(Dataset excerpts)
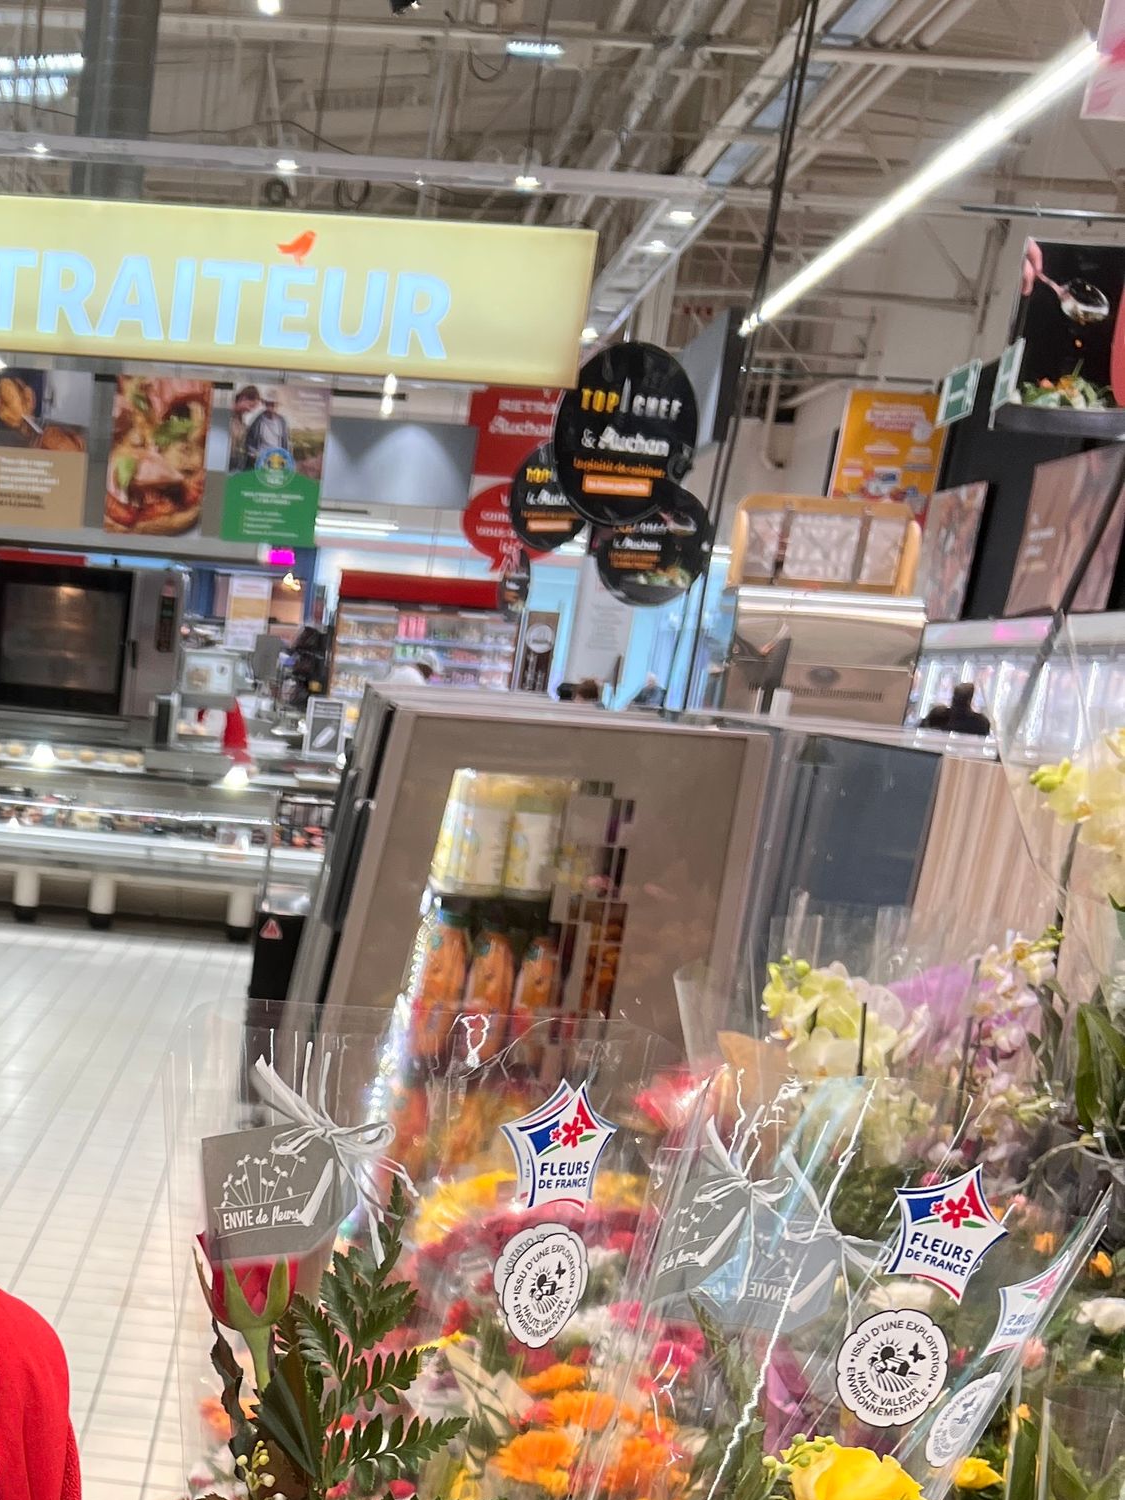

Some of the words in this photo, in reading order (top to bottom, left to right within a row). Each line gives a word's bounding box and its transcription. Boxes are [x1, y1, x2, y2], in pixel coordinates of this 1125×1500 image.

[581, 387, 620, 414] TOP
[581, 428, 597, 450] &
[597, 424, 671, 458] Auchan
[538, 1179, 553, 1189] DE
[555, 1177, 588, 1189] FRANCE
[540, 1161, 590, 1176] FLEURS
[222, 1209, 255, 1230] ENVIE
[256, 1207, 269, 1225] de
[905, 1248, 920, 1262] DE
[923, 1254, 968, 1278] FRANCE
[910, 1232, 974, 1264] FLEURS
[512, 1269, 528, 1296] ISSU
[526, 1245, 551, 1271] D'UNE
[551, 1244, 577, 1290] EXPLOITATION
[512, 1298, 571, 1338] ENVIRONNEMENTALE
[523, 1304, 541, 1329] HAUTE
[540, 1300, 565, 1329] VALEUR
[851, 1334, 871, 1358] ISSU
[872, 1320, 905, 1337] D'UNE
[906, 1320, 940, 1382] EXPLOITATION
[846, 1366, 929, 1417] ENVIRONNEMENTALE
[856, 1371, 878, 1403] HAUTE
[880, 1387, 920, 1407] VALEUR

What you need to do |
Pictures in the records above are to be left out of an otherwise exact copy.

Answer to this task |
Some of the words in this photo, in reading order (top to bottom, left to right within a row). Each line gives a word's bounding box and its transcription. Boxes are [x1, y1, x2, y2], in pixel coordinates of this 1125×1500 image.

[581, 387, 620, 414] TOP
[581, 428, 597, 450] &
[597, 424, 671, 458] Auchan
[538, 1179, 553, 1189] DE
[555, 1177, 588, 1189] FRANCE
[540, 1161, 590, 1176] FLEURS
[222, 1209, 255, 1230] ENVIE
[256, 1207, 269, 1225] de
[905, 1248, 920, 1262] DE
[923, 1254, 968, 1278] FRANCE
[910, 1232, 974, 1264] FLEURS
[512, 1269, 528, 1296] ISSU
[526, 1245, 551, 1271] D'UNE
[551, 1244, 577, 1290] EXPLOITATION
[512, 1298, 571, 1338] ENVIRONNEMENTALE
[523, 1304, 541, 1329] HAUTE
[540, 1300, 565, 1329] VALEUR
[851, 1334, 871, 1358] ISSU
[872, 1320, 905, 1337] D'UNE
[906, 1320, 940, 1382] EXPLOITATION
[846, 1366, 929, 1417] ENVIRONNEMENTALE
[856, 1371, 878, 1403] HAUTE
[880, 1387, 920, 1407] VALEUR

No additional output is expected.